The patient was given anesthesia and plexus nerve block with a 2% vaso-constrictor. The LL8 was exposed, and an intrasulcular incision with drainage to the LL7 was made. The distal discharge should be performed at a 45° angle to the second molar, remaining in the first portion of a full thickness, then finished at partial thickness. This incision avoids the risk of sectioning the lingual nerve and is the junction of the flap.
After skeletonizing the jaw and placing tongue protection, the Sharpey’s fibers were cut using the mechanical periotome Luxator LX following the tooth circumference and luxating the periodontal ligament as in Figures 4 and 5. The tooth is subsequently extracted using an elevator without luxating the surrounding tissues and, above all, with no damage to the mandibular nerve.
The controlled reciprocating movement of the Luxator LX helps it penetrate the space that lodges the periodontal ligament (0.15 mm-0.38 mm) and separates the fiber bundle in the least traumatic way for the tooth. The gentle vertical movement applied to the periodontium does not cause neural trauma. Using this mechanical periotome, we managed to perform the extraction with no tissue damage and, most importantly, with no damage to the mandibular nerve.
The periapical X-ray (Figure 6) shows how the Luxator LX blade — detached from the contra-angle to facilitate the X-ray — penetrates into the alveolus facilitating tooth removal. Figure 8 shows the absence of root rests. The extraction was performed without sectioning/dividing the tooth. Figure 9 shows that the tooth was extracted in one piece. No traumatic operations to search for root rests were needed.
The alveolus was cleaned, washed with cold physiologic solution, and sutured with silk thread 4/0-. The edge could be sutured enabling the patient to recover without postoperative pain. Seven days later, the suture stitches were removed. The patient reported a good postoperative recovery with slight pain during the first 3 days mitigated by common painkillers.

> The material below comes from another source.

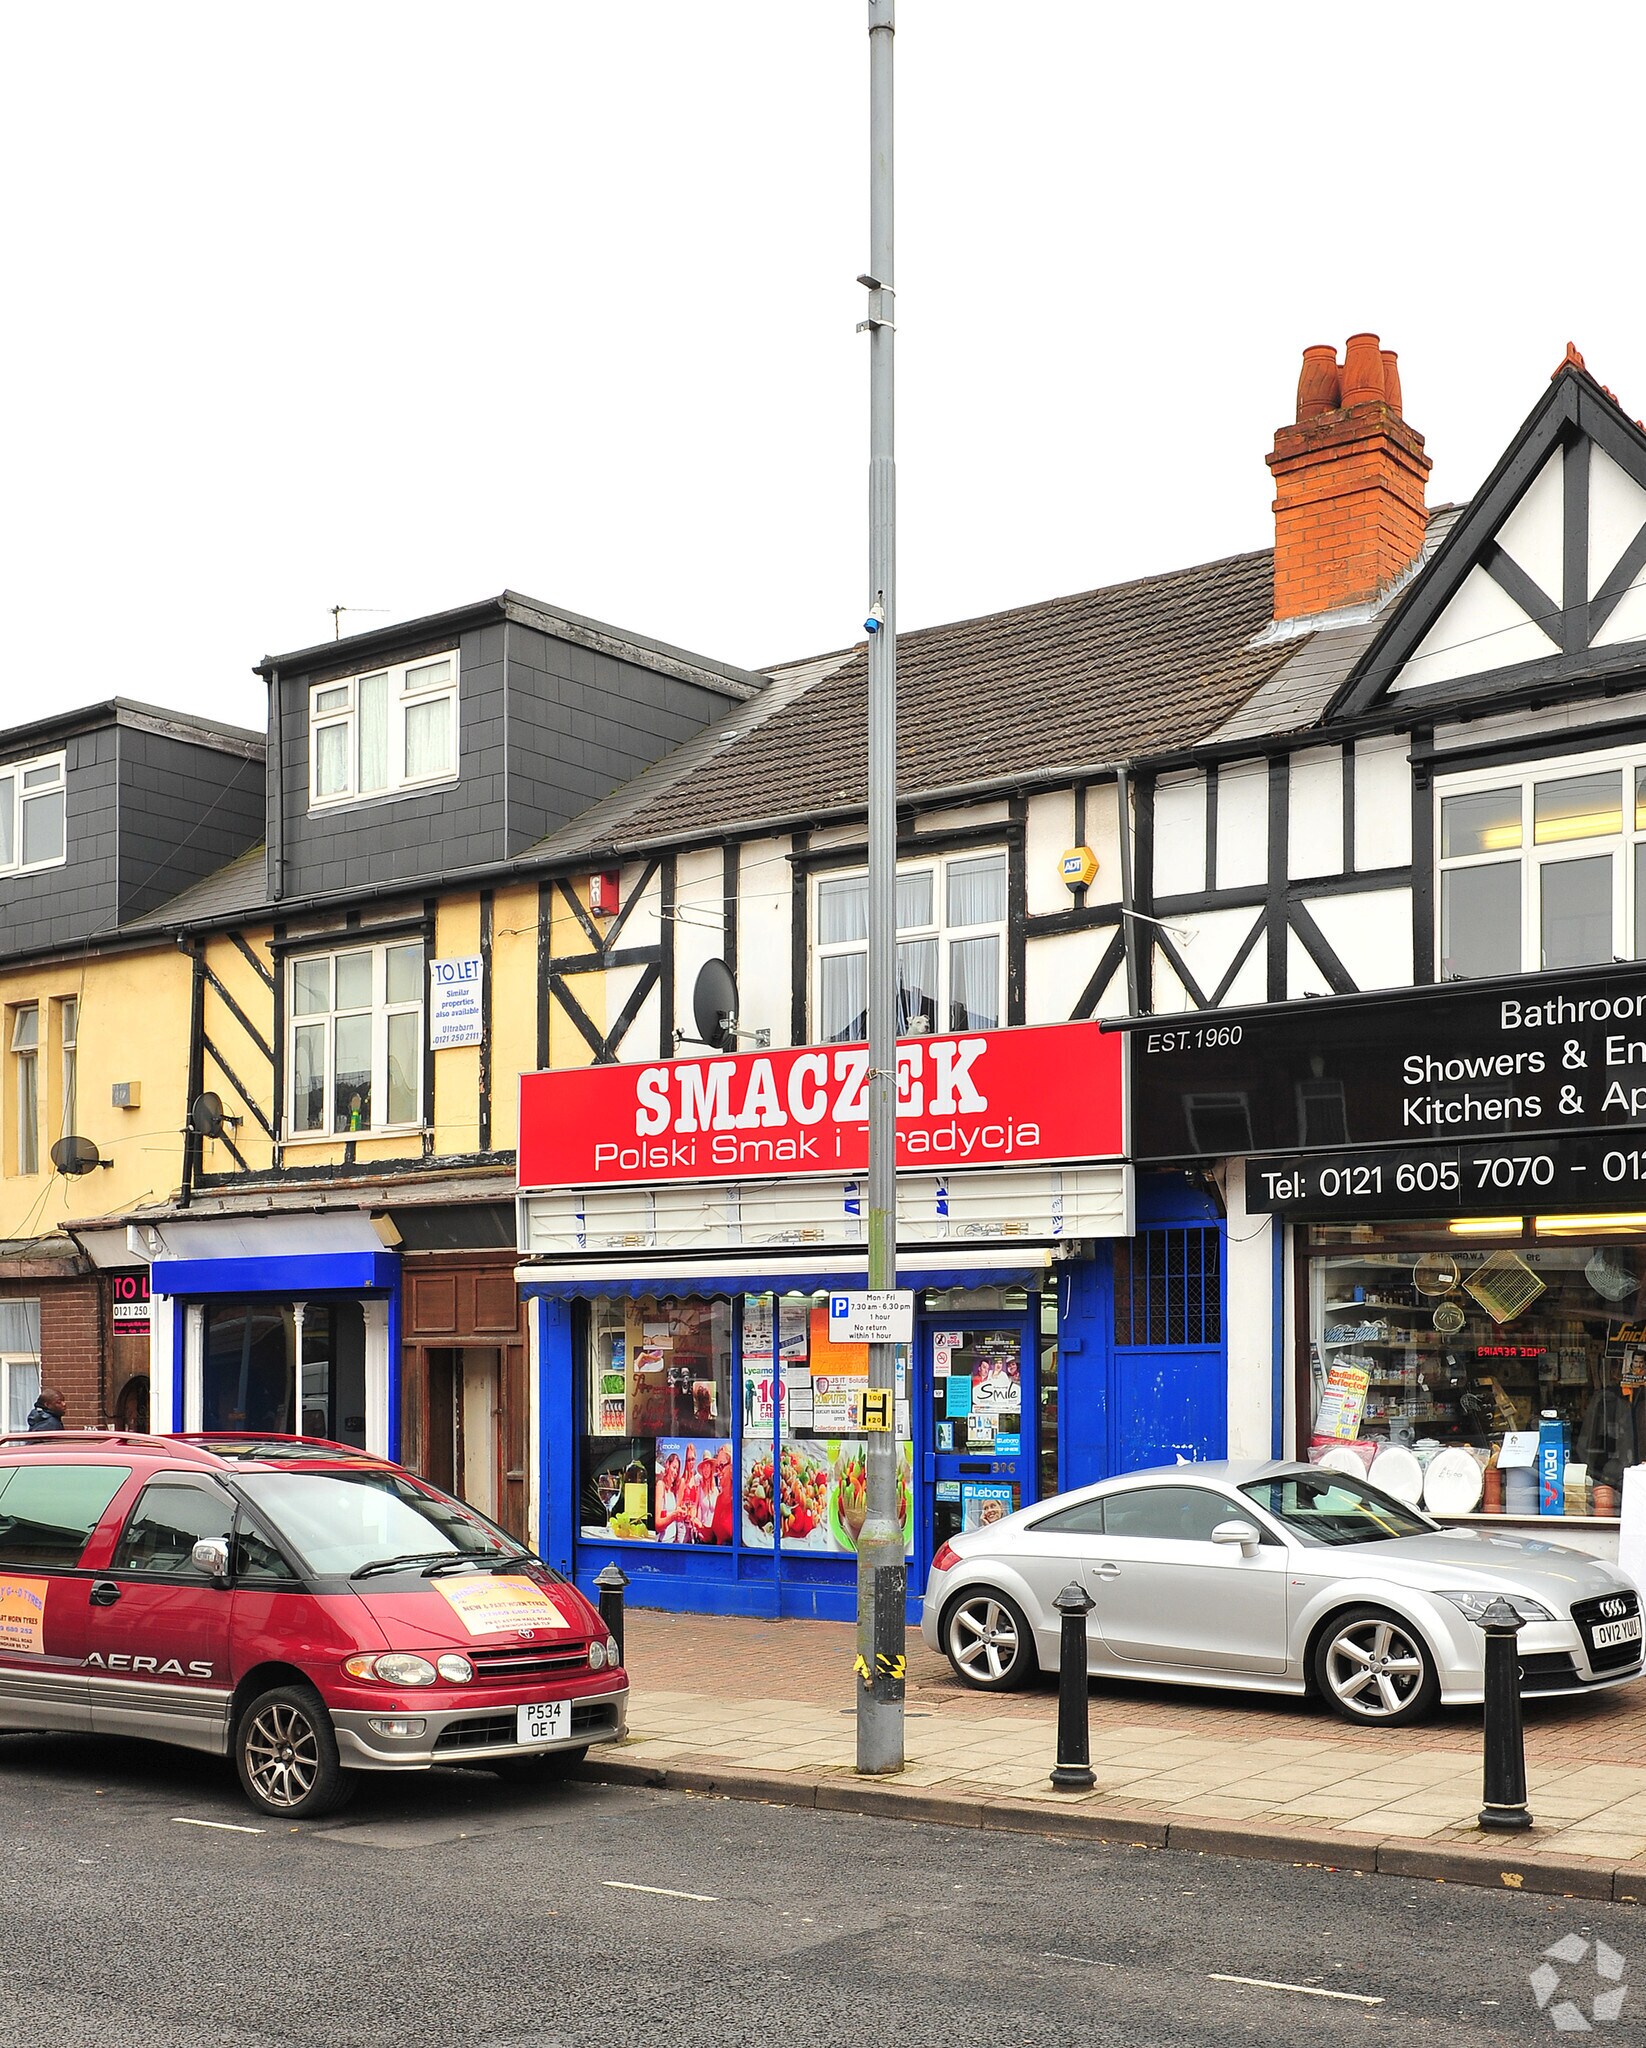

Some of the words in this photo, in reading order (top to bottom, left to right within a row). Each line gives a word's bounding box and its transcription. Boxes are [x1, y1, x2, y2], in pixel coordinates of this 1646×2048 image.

The patient was instructed to use a toothpaste gel (Hobagel by Hobama) that contains a mix of humectant and antibacterial substances (such as cetylpyridinium chloride, triclosan, essential oils) in technologically innovative microcapsules designed to significantly lower periodontal plaque and bleeding. Its medium-low RDA (+/-30) is less abrasive on natural tooth and restoration material (Pasini, et al., 2012).

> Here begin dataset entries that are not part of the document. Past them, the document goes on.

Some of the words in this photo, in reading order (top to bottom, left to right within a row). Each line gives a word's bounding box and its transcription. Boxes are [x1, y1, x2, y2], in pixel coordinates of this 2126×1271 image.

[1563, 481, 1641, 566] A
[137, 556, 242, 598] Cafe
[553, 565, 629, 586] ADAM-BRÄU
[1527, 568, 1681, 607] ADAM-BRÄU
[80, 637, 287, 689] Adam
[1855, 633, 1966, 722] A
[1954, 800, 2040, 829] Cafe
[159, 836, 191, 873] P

The dental hygienist should focus on reducing plaque close to the postoperative recovery areas, detect poor home hygiene, and promptly intervene to correct them. Professional dental hygiene sessions are extremely important to remove bacteria around the tooth, preferably by air polish (EMS) with glycine powder to preserve the health of gingival tissues. Final polishing is of extreme importance to leave a smooth surface as a rough surface will be more receptive for bacteria. A silica-based polishing paste with a low RDA such as prophy paste CCS Yellow RDA 40 (Directa) is recommended (Prosper, et al., 2013).
Mandibular third molar extractions are undoubtedly associated with neural injury risks that can cause temporary or permanent discomfort for the patient and legal actions for the dentist.

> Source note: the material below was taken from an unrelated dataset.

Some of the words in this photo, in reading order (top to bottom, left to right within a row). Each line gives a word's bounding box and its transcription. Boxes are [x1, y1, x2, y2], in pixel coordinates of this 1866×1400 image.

A thorough preoperative diagnosis is mandatory, and complication factors such as age and anatomy — i.e., depth of impaction and presence of overlying ramus bone — need to be taken into account.
The surgical approach used is of paramount importance to minimize tissue damage and neurosensory impairment. The mechanical Periotome Luxator LX proves to be a valid tool in surgical extractions allowing minimal trauma and significant reduction of postoperative discomfort.